Do you tend towards self-criticism, blame, guilt, confusion, insecurity, perfectionism?
Or, conversely, peace, inspiration, freedom, enthusiasm? What ingredients are in what I call your “mental soup”? Is it bland and dull, tasty, or maybe too spicey?
The contents of our “mental soup” are probably very familiar to us, because we usually add the same ingredients every day, not only during practice but from the moment we wake up. No wonder we struggle in the practice room and on the concert platform. How can we be expected to suddenly become Zen masters under pressure when we’re struggling normally?
What if the answer to more mental peace and focus is about handling the relationship with yourself in real time?
If the only time your mind is calm is when you’ve practised to your liking, then you’re withholding love and approval from yourself and that doesn’t lead to good things.

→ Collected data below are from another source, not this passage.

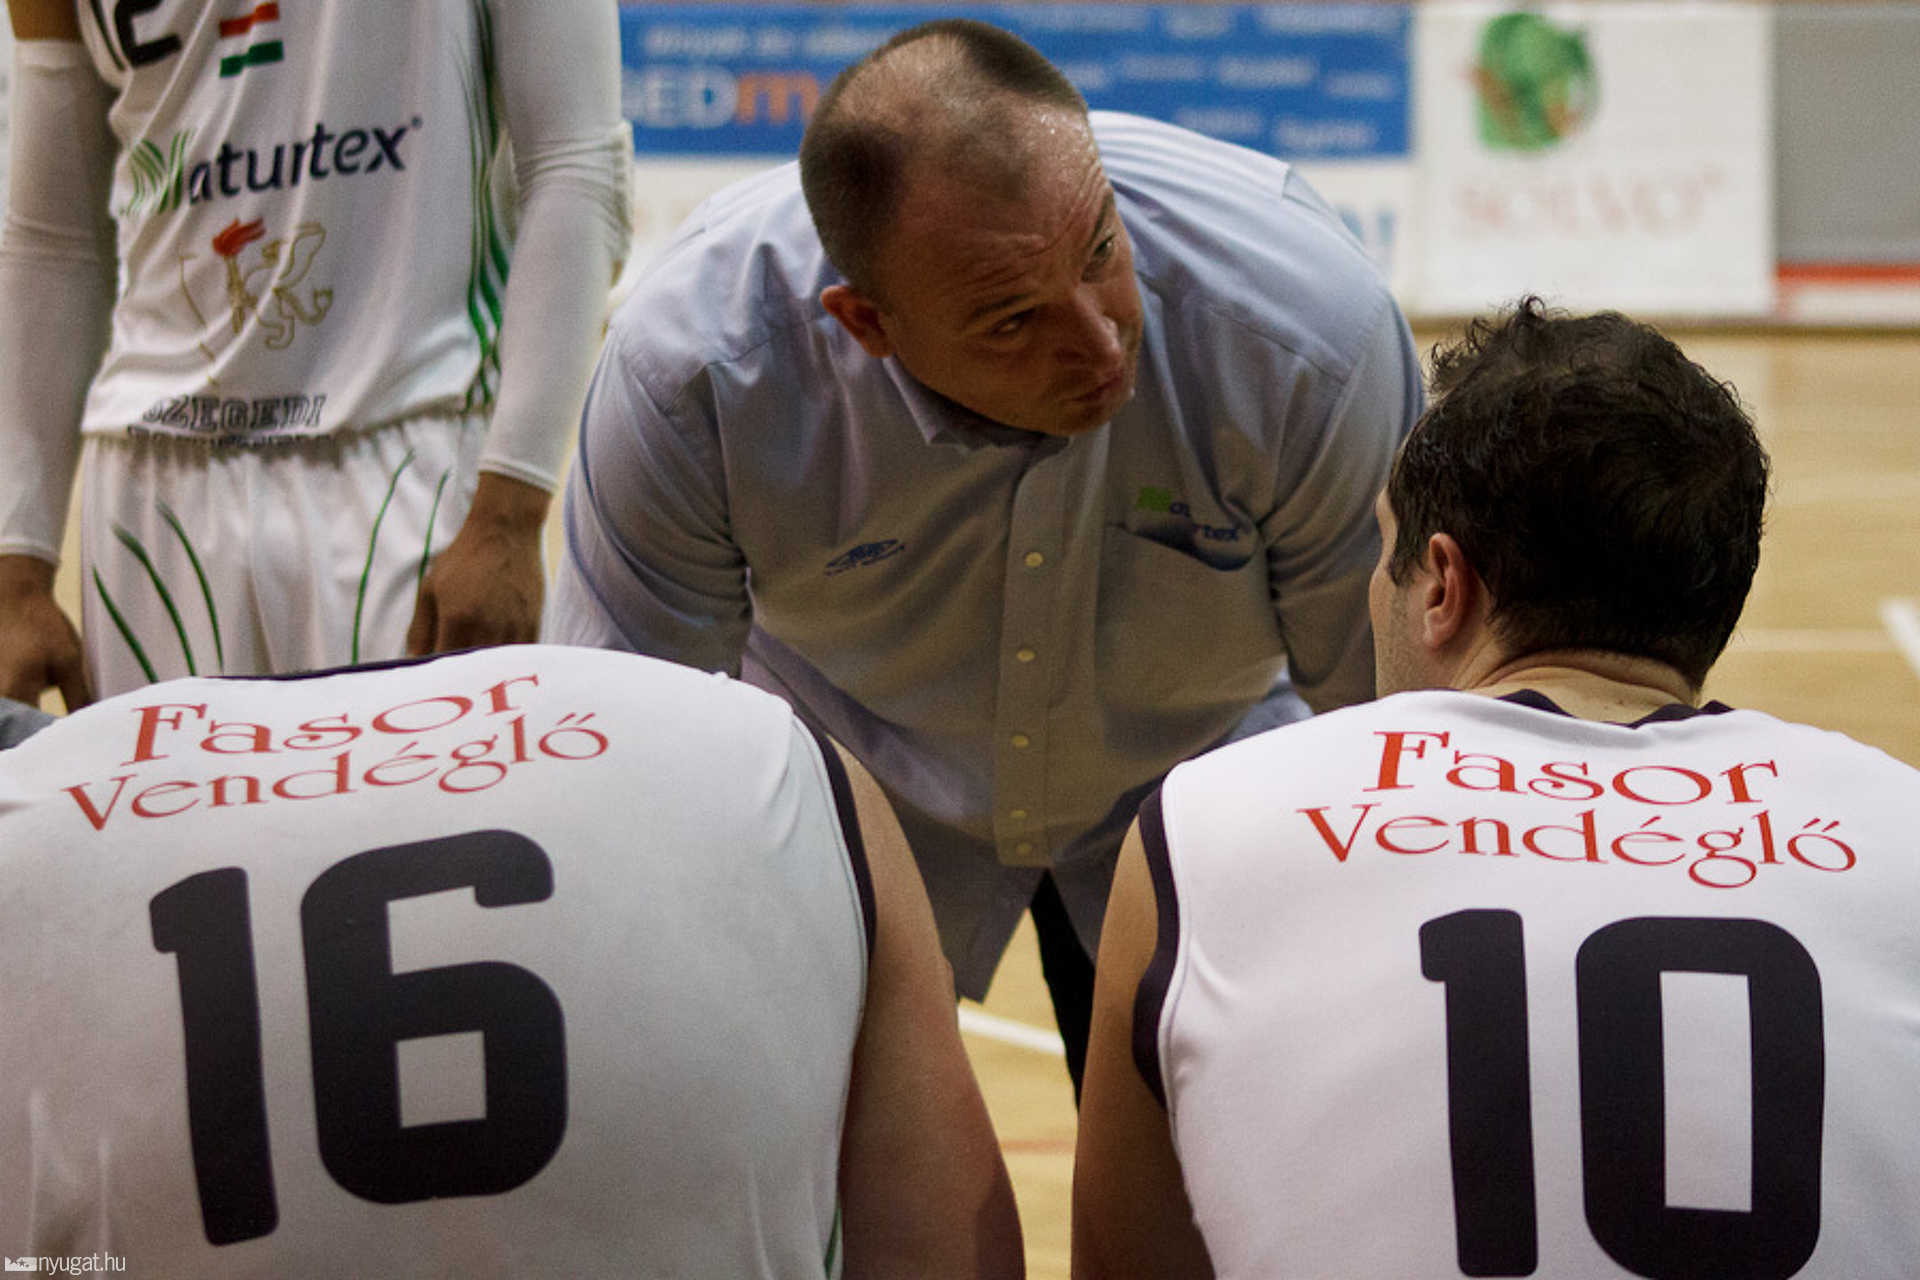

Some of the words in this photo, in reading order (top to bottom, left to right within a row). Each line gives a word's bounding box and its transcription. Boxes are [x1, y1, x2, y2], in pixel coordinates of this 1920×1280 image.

[60, 711, 610, 832] Vendéglő
[120, 673, 540, 766] Fasor
[1362, 730, 1779, 806] Fasor
[1296, 802, 1858, 889] Vendéglő
[148, 828, 570, 1247] 16
[1418, 907, 1826, 1280] 10
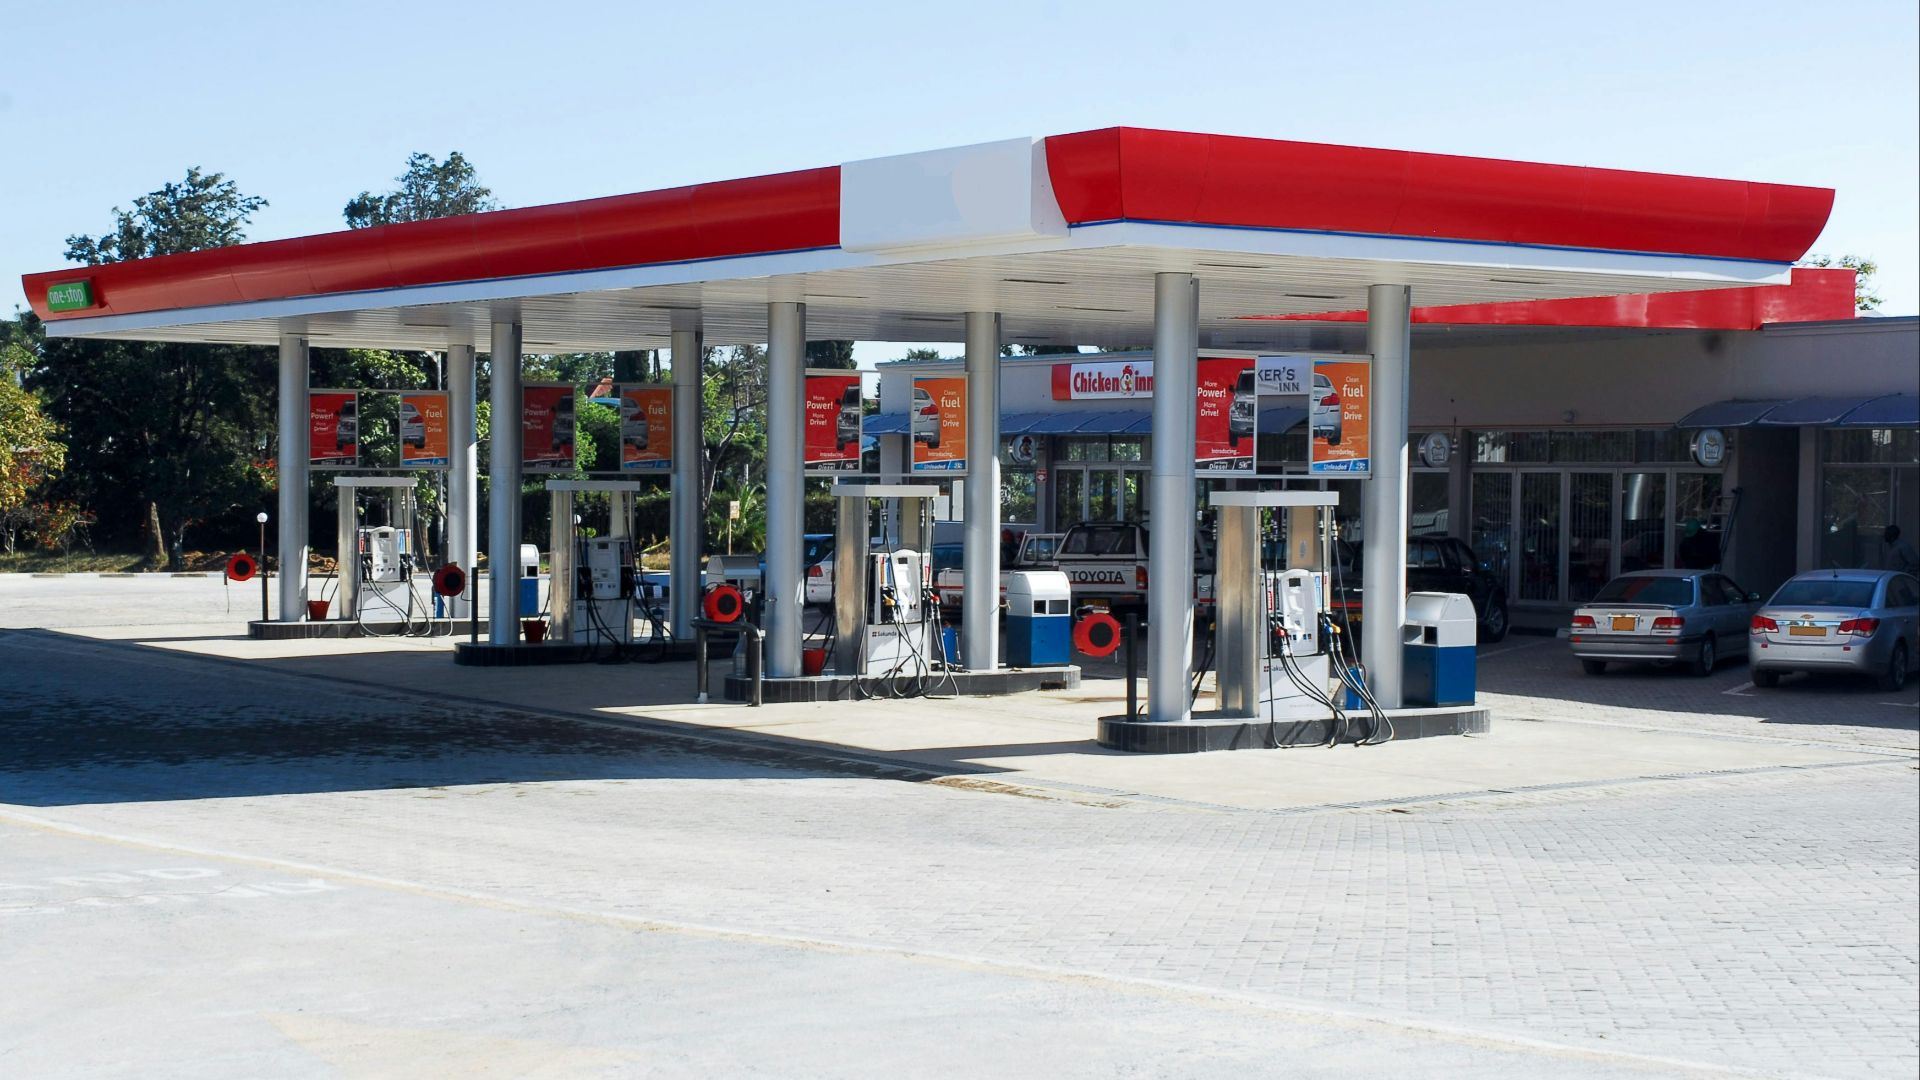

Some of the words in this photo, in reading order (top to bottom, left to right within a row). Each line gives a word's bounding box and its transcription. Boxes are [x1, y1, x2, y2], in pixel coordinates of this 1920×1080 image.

[50, 287, 84, 306] one-stop
[1073, 372, 1120, 392] Chicken
[1135, 370, 1153, 391] inn
[1197, 387, 1227, 398] Power!
[1279, 382, 1300, 392] INN
[1342, 384, 1364, 398] fuel
[806, 400, 834, 410] Power!
[940, 396, 960, 408] fuel
[425, 409, 443, 418] fuel
[648, 404, 666, 415] fuel
[1200, 409, 1219, 417] Drive!
[1344, 412, 1362, 420] Drive
[942, 420, 960, 428] Drive
[1070, 570, 1125, 582] TOYOTA

If you hold out on yourself, judge, criticise or blame, as many of us were taught to do, it may feel like an incentive to work hard to earn your own approval (or that of others). However, how do you know when it’s truly enough? When someone else you admire says something approving? When you’re actually satisfied with your efforts?
Making art involves dealing with perfectionism. The idea of making perfect art is always out there, tempting us.
So, what helps?
For me, it’s come down to finding out what’s simmering in my “mental soup”.
Rather than just heading straight for the instrument or the page or the brush,
you could set a practice timer and when before you start or when you’re on a break, do a check-in. Drink some water, have a snack, maybe do some stretching, and ask yourself some questions:
- How’s your body feeling?
- How’s your energy level?
- What’s on your mind? Are you feeling down, or maybe energised?
- How can you support yourself to get in balance? What do you need?
- Is any inner criticism actually motivating you, or do you feel your energy draining away?
- How can you support yourself internally by choosing to be kinder and more forgiving of your own imperfections? How could you encourage yourself?
Coaching can be a great way to start to get to grips with your inner monologue- becoming aware is the first step, and then there are many tools that can help you get out of your rut and become an ally, rather than an adversary. And then- who knows- your soup can begin to become tastier and more nourishing!